The Mississippi in the Civil War Message Board - Archive

Confederate Soldier Obit / Biography Question

After doing research on “hundreds” of Confederate soldiers and a few Union, I have become very successful at locating the “family” information that pertains to many of them. I am now trying to ascertain the value and need for compiling the below type of information on these “forgotten heroes” of the Confederacy for a book I’ve been researching on various regiments from Mississippi.

I have done these for Union soldiers, as well, but by primary focus has been on the Southern heroes. I would also appreciate knowing if this is a service that could be offered to others. It is a very time consuming process that requires access to many sources in order to pull it all together, but I’ve even exceeded my own expectations on many occasions.

Please give me your input either here or by my email address. Thanks.

Rob Swinson
RESwinson@aol.com

P.S. for George P. - My research on the 5th Mississippi covers the time period from July 1864 to the end of the war while they were consolidated with the 3rd Battalion Mississippi Infantry (aka 45th Miss.) - the 3rd Battalion/45th Regiment has been my primary focus, and I have been very successful at locating a lot of previously unpublished primary source material that requires a lot of "digging" to get to, as you well know. (Note: The published book on the 3rd Battalion/45th Regiment was greatly lacking in this area.) While researching one of the below soldier's brother-in-laws, I decided to throw this one together as a sample since I had the information, but it's not of great importance to me. Your input, and those of others on this message board, is more important at this point!

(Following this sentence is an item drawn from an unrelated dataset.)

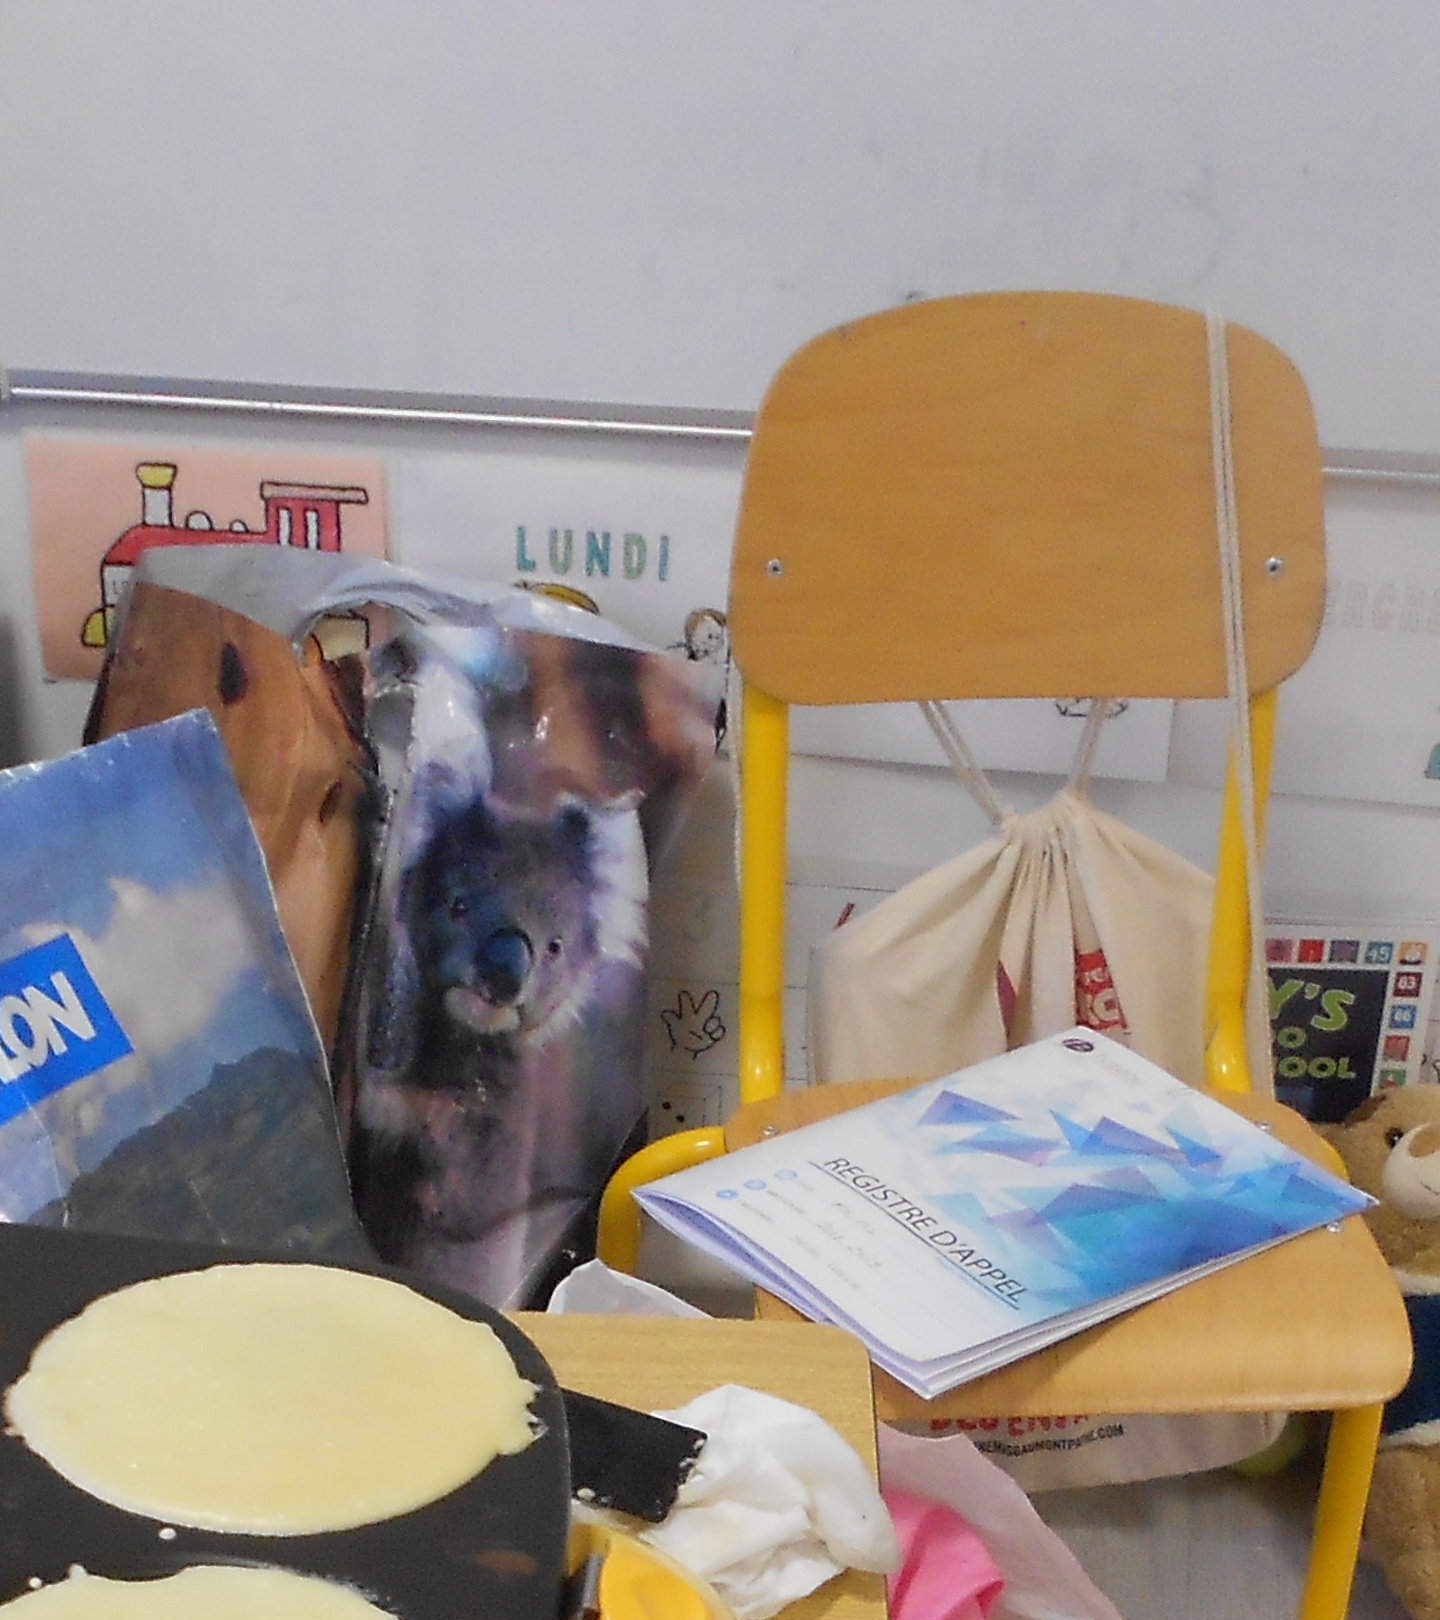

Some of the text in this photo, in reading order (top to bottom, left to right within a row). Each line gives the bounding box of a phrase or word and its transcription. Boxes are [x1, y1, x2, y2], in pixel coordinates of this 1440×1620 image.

[517, 525, 669, 581] LUNDI
[823, 1157, 939, 1232] REGISTRE
[928, 1229, 1029, 1305] D'APPEL
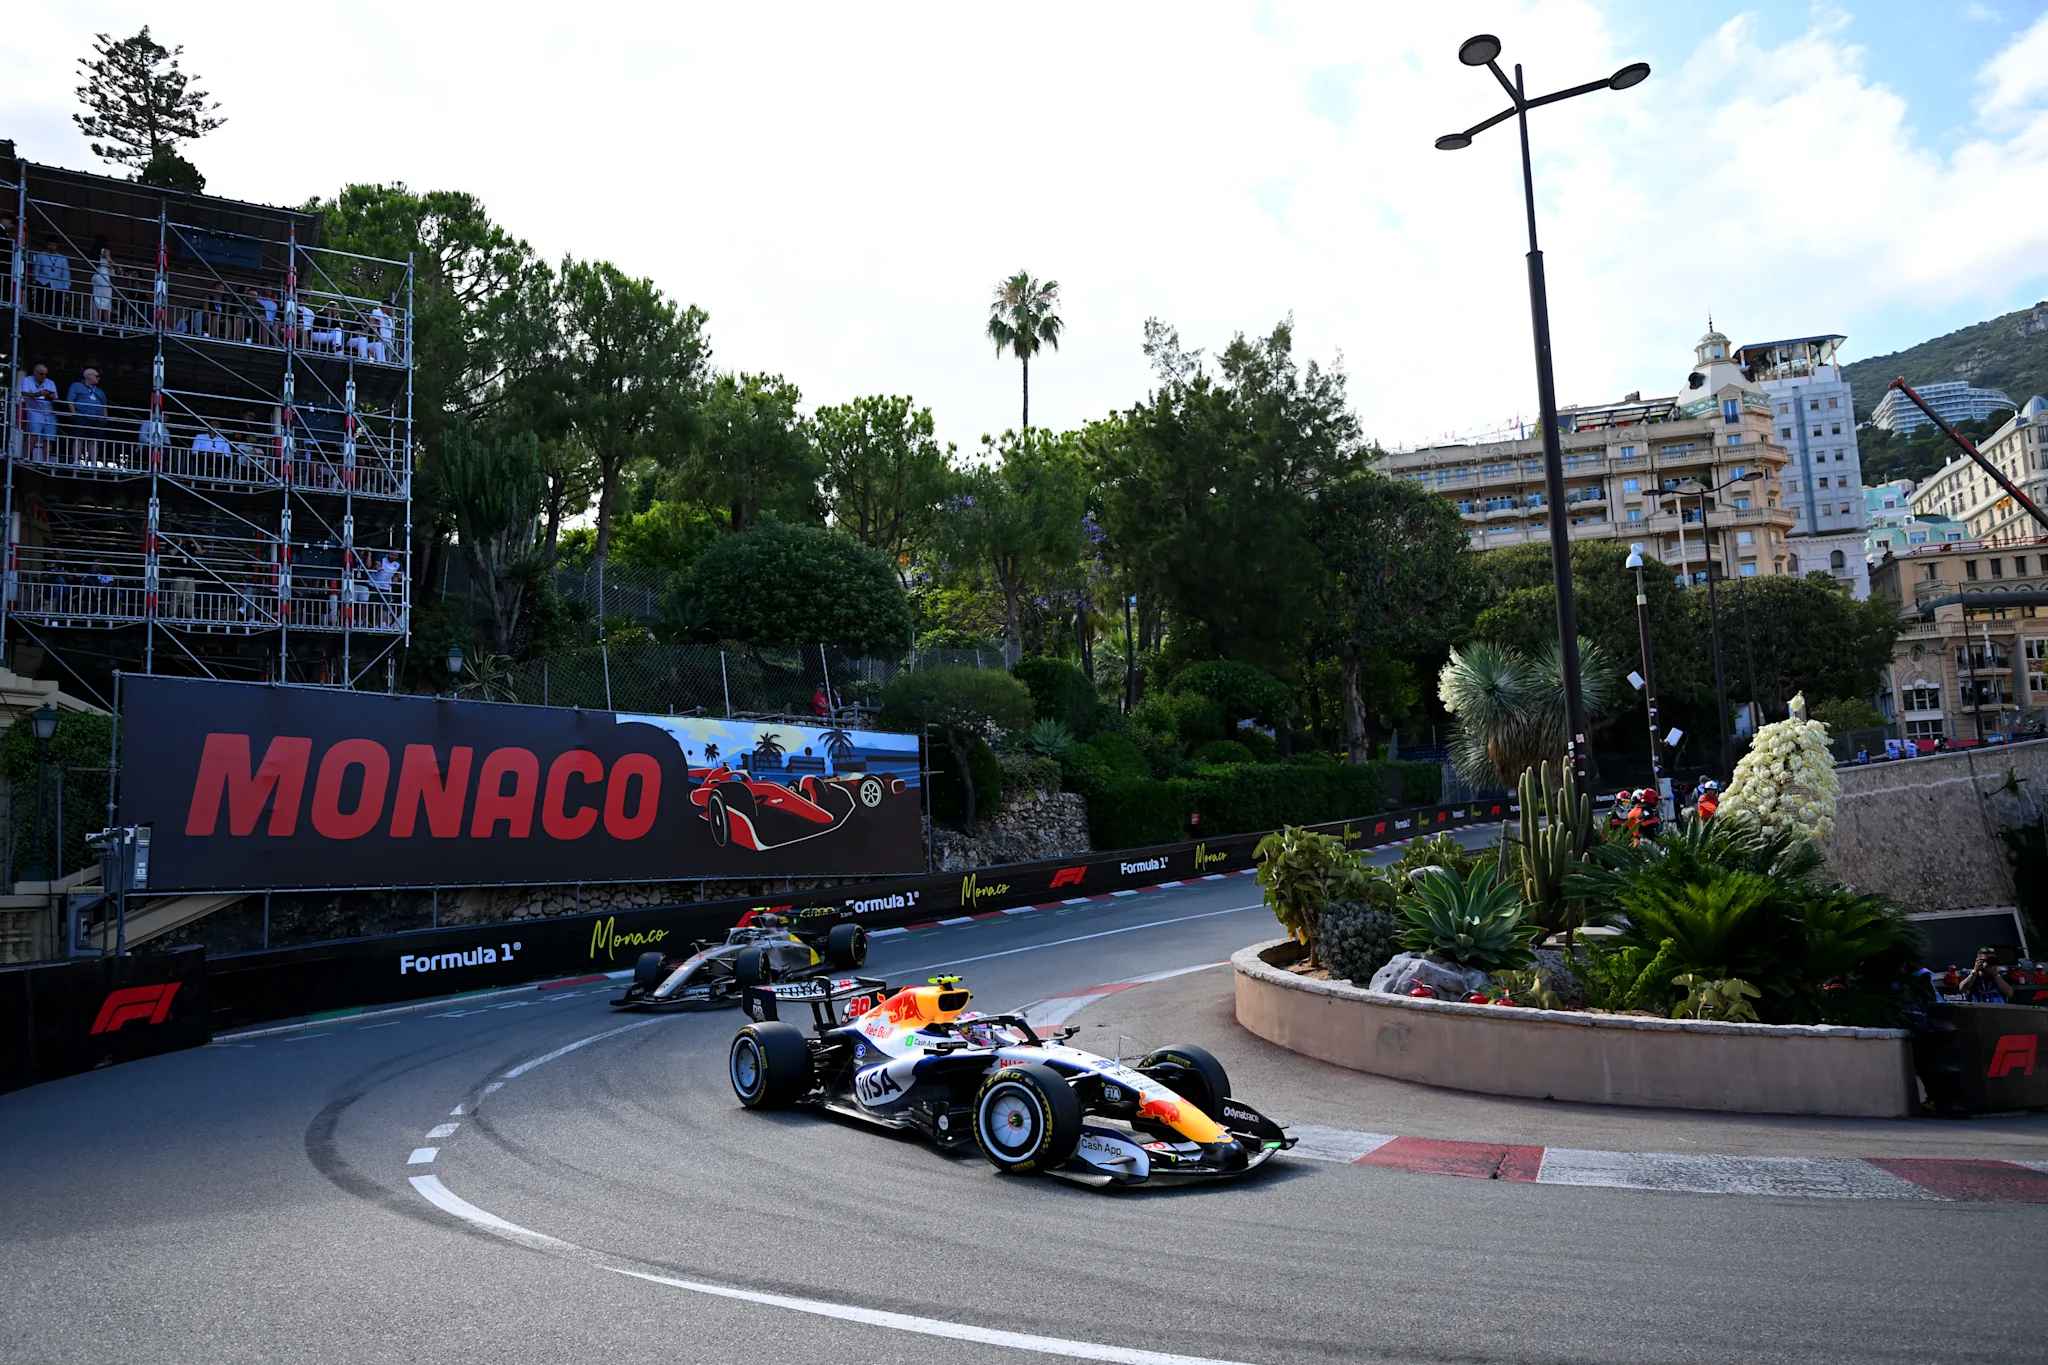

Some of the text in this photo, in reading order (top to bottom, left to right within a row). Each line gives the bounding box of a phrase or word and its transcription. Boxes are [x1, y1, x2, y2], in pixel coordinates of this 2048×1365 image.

"Confederate Soldiers Remembered"
Copyrighted 2004, Robert E. Swinson)

Bio. & Cemetery Burial for a Confederate Soldier of Co. K, 5th Regiment Mississippi Infantry:

Private William Benjamin BRANTLEY - 1842 to 1908;
Company K, 5th Regiment Mississippi Infantry, CSA.

William Benjamin BRANTLEY (aka N. B. Brantly at CWSS) was born 5 February 1842 in Harris County, Georgia. He was the fifth child of fifteen children born to Harris BRANTLEY and Charity Cody HARDIN, who were also born in Georgia on 4 November 1812 and about 1816, respectively. Harris BRANTLEY moved his family to Neshoba County, Mississippi during the early 1850's; probably with a group of fifteen families who relocated to the area of Leake and Neshoba County, Mississippi in 1853 from Marion County, Georgia where Harris and his older brother, Jones BRANTLEY, had resided in the early 1830's. William Benjamin was a farmer near Laurel Hill in Neshoba County with his father and younger brother, Columbus, prior to the Civil War.

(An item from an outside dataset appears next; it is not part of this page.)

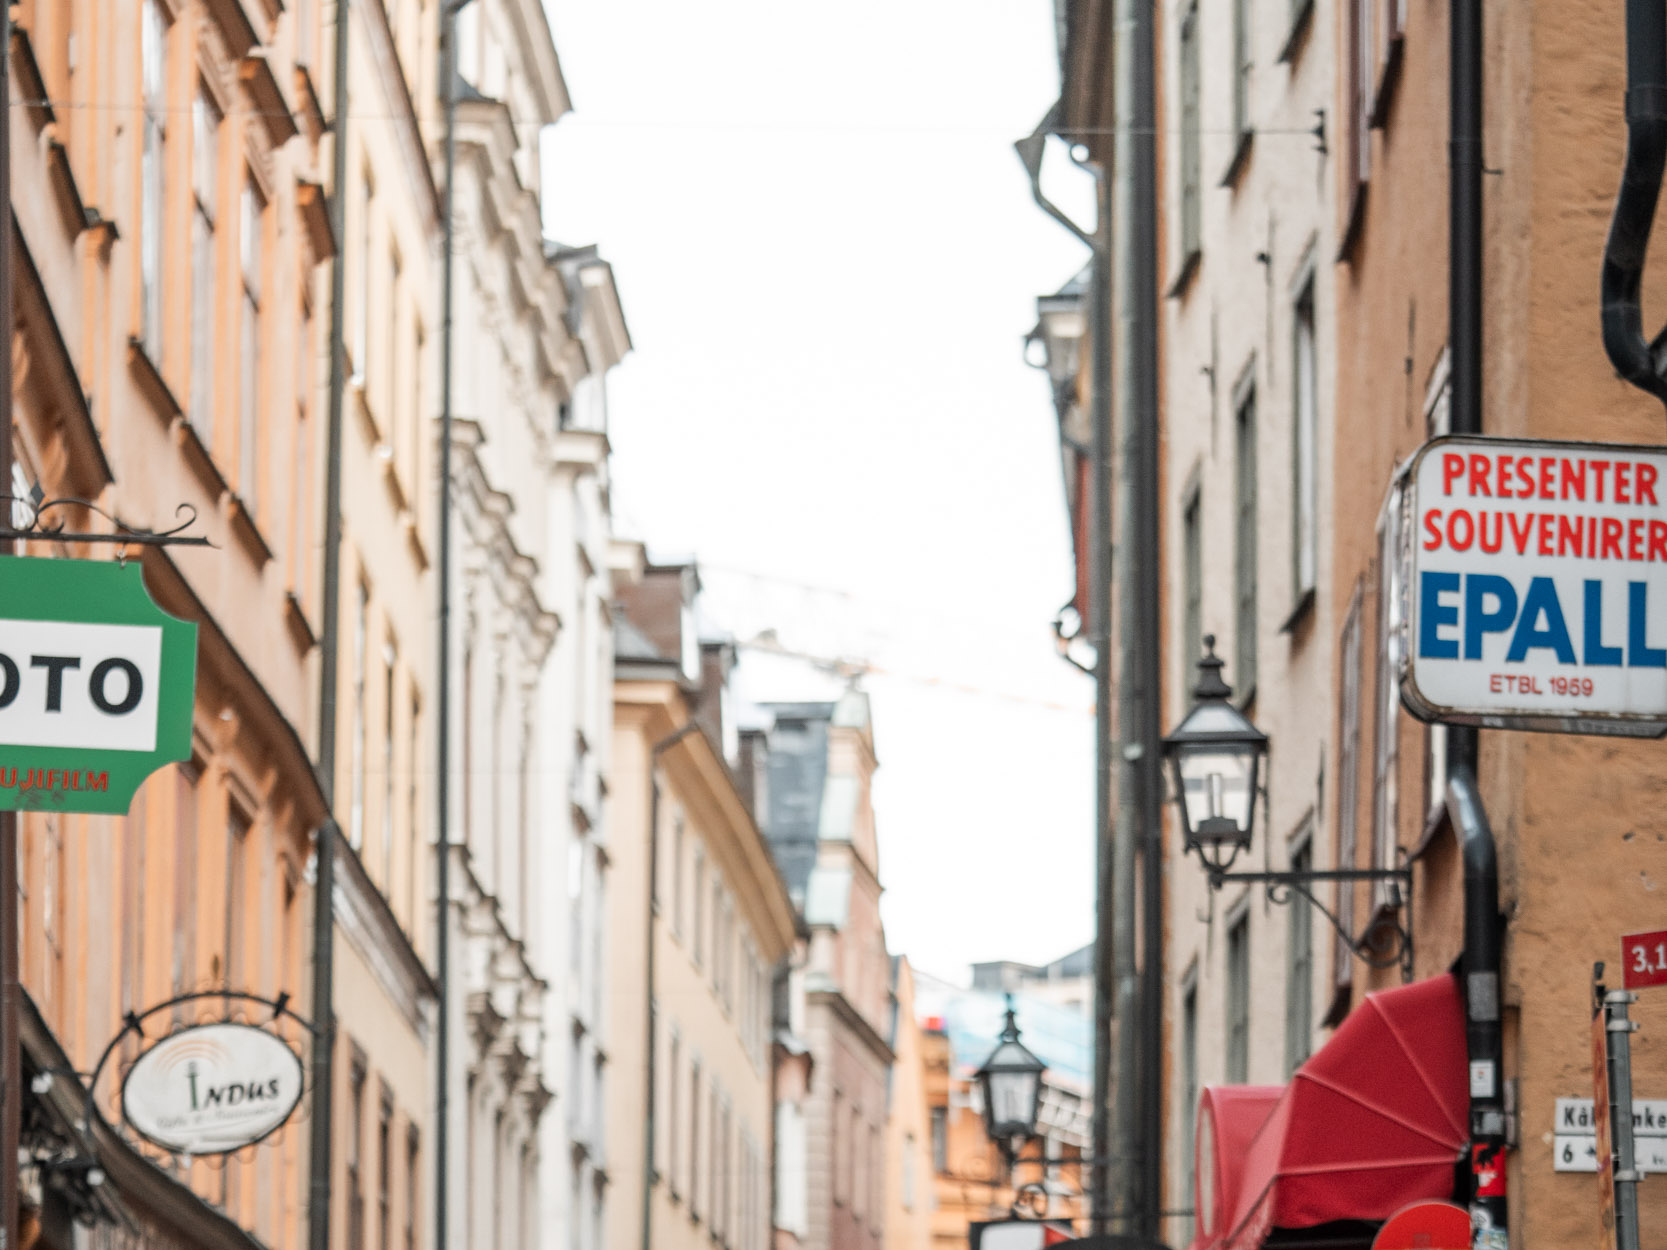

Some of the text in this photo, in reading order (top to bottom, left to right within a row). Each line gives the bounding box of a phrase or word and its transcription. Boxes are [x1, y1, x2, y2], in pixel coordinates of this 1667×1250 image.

[1443, 453, 1659, 505] PRESENTER
[1423, 509, 1667, 563] SOUVENIRER
[1419, 571, 1667, 667] EPALL
[1490, 674, 1594, 697] ETBL 1959

Enlisted in the CSA as a Private in Company K, 5th Regiment Mississippi Infantry, and served with four Williams brother who had all enlisted in Co. K, 5th Regiment Mississippi Infantry in order to be together. Organized in the spring of 1861, the regiment took an active part in the Battles of Shiloh, Murfreesboro, Chickamauga, and the Atlanta Campaign. Immediately after the Battle of Atlanta, the regiment was consolidated with the 3rd Battalion Mississippi Infantry on 24 July 1864 due to troop loses. After Jonesboro, they participated in Hood’s disastrous Tennessee Campaign, before moving into the Carolinas. Only a remnant of the original regiment surrendered on 26 April 1865. William Benjamin BRANTLEY and three of the four WILLIAMS survived the war; one of the Williams having lost his life at the bloody and costly Battle of Franklin.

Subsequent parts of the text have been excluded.